(What you are asked to do): Skip the pictures and repeat each line of the data exactly.

(Supplied data):
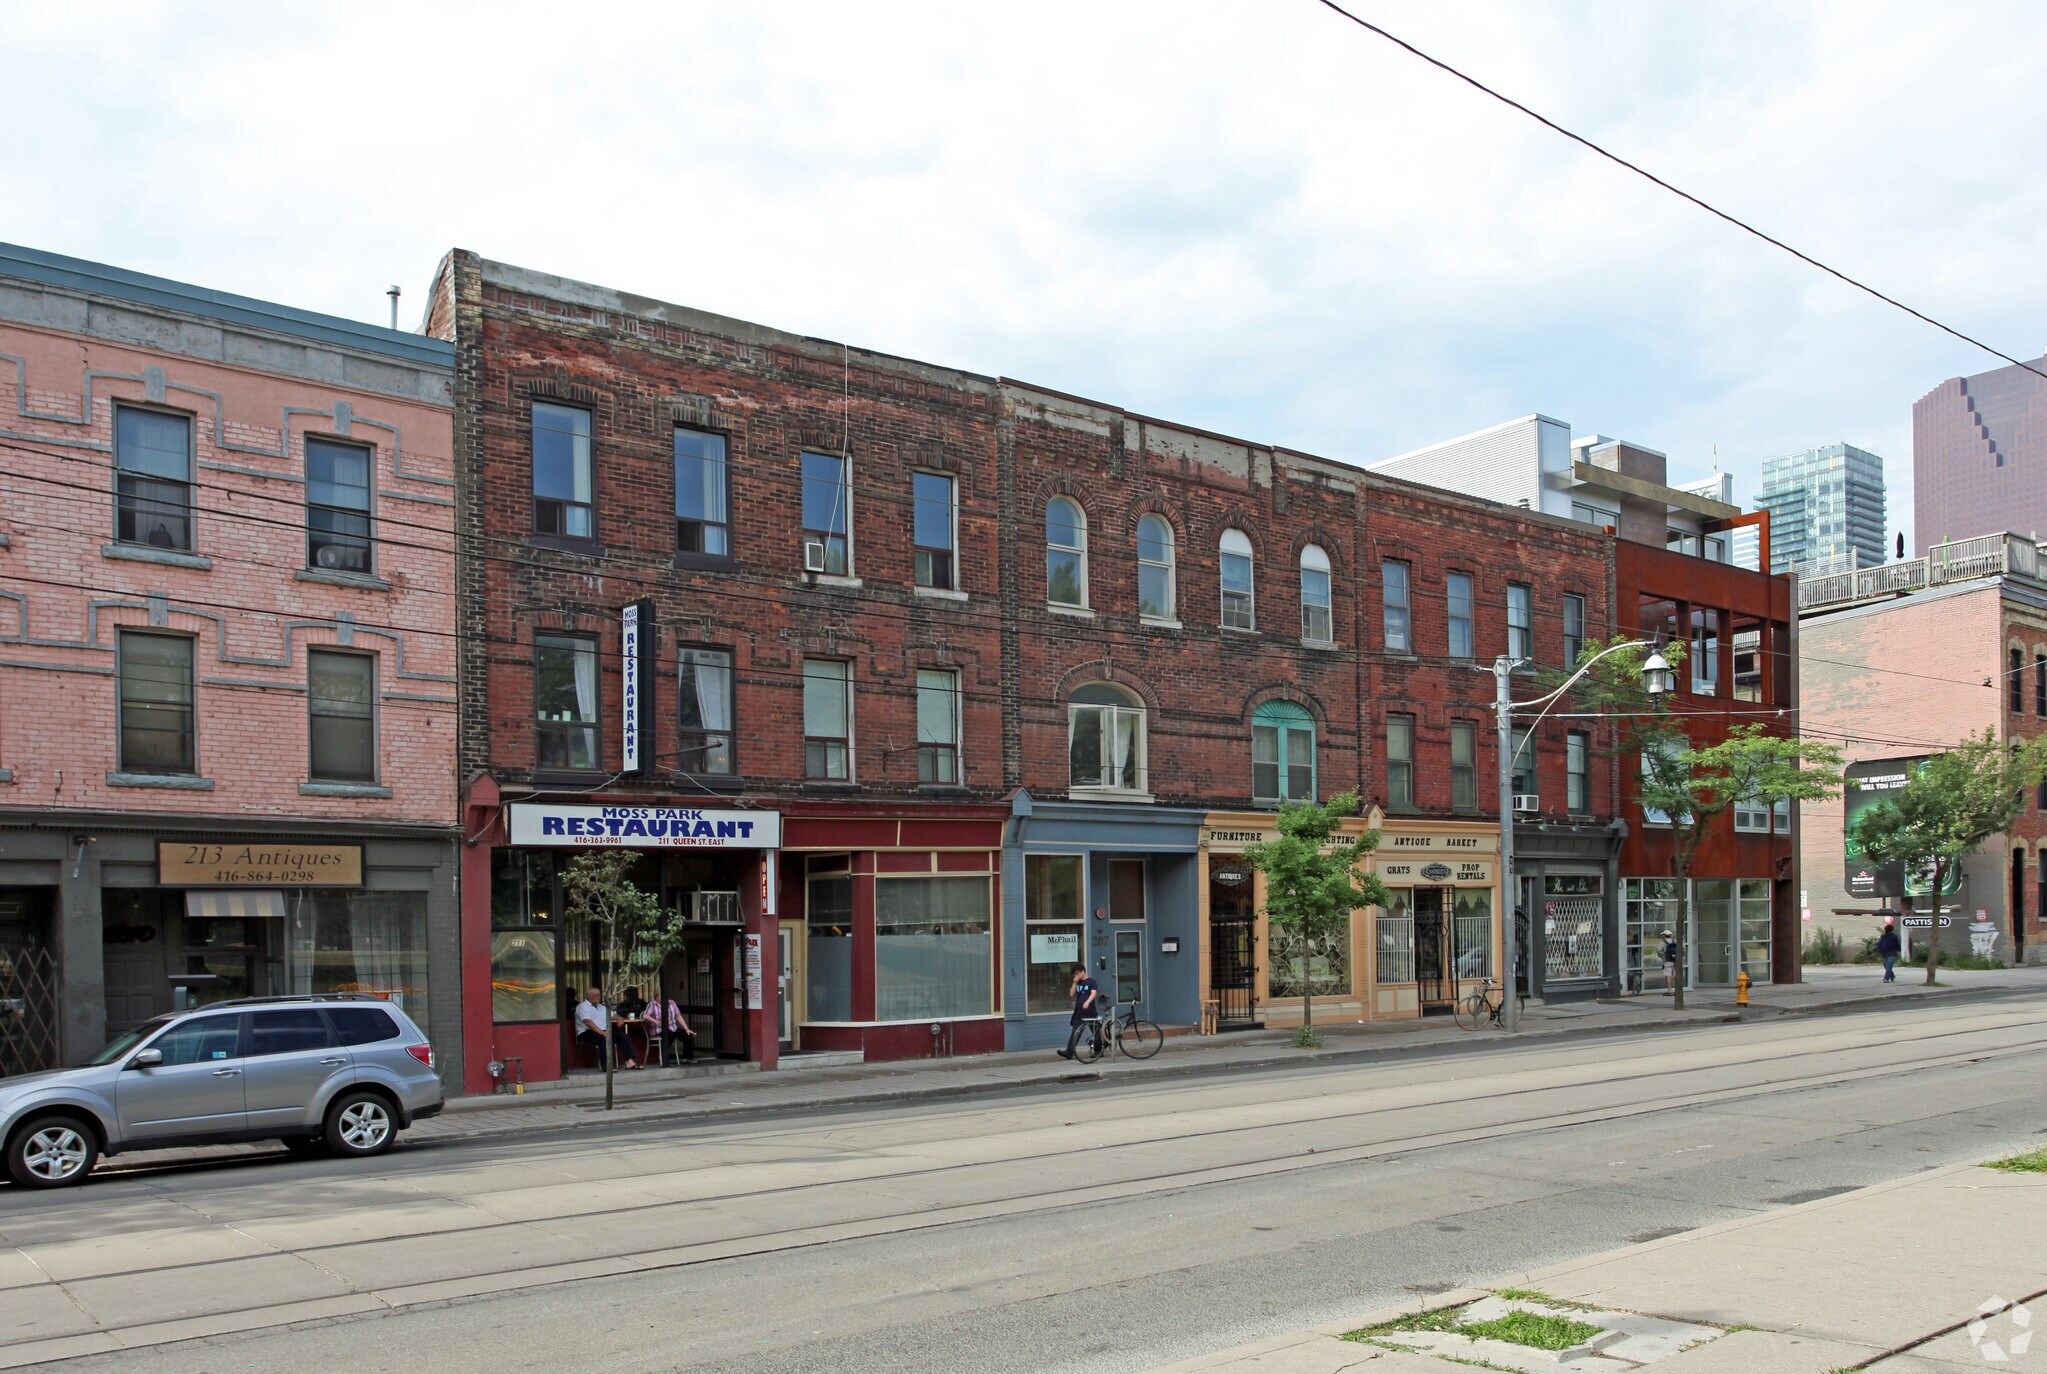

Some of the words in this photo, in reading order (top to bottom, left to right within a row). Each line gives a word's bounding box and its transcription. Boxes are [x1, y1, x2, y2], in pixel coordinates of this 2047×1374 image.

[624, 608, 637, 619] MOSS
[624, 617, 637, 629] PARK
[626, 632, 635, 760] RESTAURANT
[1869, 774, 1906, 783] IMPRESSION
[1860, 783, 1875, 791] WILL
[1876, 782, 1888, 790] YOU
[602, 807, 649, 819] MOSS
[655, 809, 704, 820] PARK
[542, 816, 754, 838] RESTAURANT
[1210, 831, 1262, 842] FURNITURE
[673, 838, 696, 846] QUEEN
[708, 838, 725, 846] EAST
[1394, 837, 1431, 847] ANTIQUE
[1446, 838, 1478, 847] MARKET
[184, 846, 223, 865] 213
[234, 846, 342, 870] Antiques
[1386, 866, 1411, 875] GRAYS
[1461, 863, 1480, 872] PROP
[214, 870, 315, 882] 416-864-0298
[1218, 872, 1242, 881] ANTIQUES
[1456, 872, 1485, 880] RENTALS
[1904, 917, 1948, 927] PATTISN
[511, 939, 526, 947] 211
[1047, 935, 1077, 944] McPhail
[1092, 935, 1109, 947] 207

(Solution to this task):
Some of the words in this photo, in reading order (top to bottom, left to right within a row). Each line gives a word's bounding box and its transcription. Boxes are [x1, y1, x2, y2], in pixel coordinates of this 2047×1374 image.

[624, 608, 637, 619] MOSS
[624, 617, 637, 629] PARK
[626, 632, 635, 760] RESTAURANT
[1869, 774, 1906, 783] IMPRESSION
[1860, 783, 1875, 791] WILL
[1876, 782, 1888, 790] YOU
[602, 807, 649, 819] MOSS
[655, 809, 704, 820] PARK
[542, 816, 754, 838] RESTAURANT
[1210, 831, 1262, 842] FURNITURE
[673, 838, 696, 846] QUEEN
[708, 838, 725, 846] EAST
[1394, 837, 1431, 847] ANTIQUE
[1446, 838, 1478, 847] MARKET
[184, 846, 223, 865] 213
[234, 846, 342, 870] Antiques
[1386, 866, 1411, 875] GRAYS
[1461, 863, 1480, 872] PROP
[214, 870, 315, 882] 416-864-0298
[1218, 872, 1242, 881] ANTIQUES
[1456, 872, 1485, 880] RENTALS
[1904, 917, 1948, 927] PATTISN
[511, 939, 526, 947] 211
[1047, 935, 1077, 944] McPhail
[1092, 935, 1109, 947] 207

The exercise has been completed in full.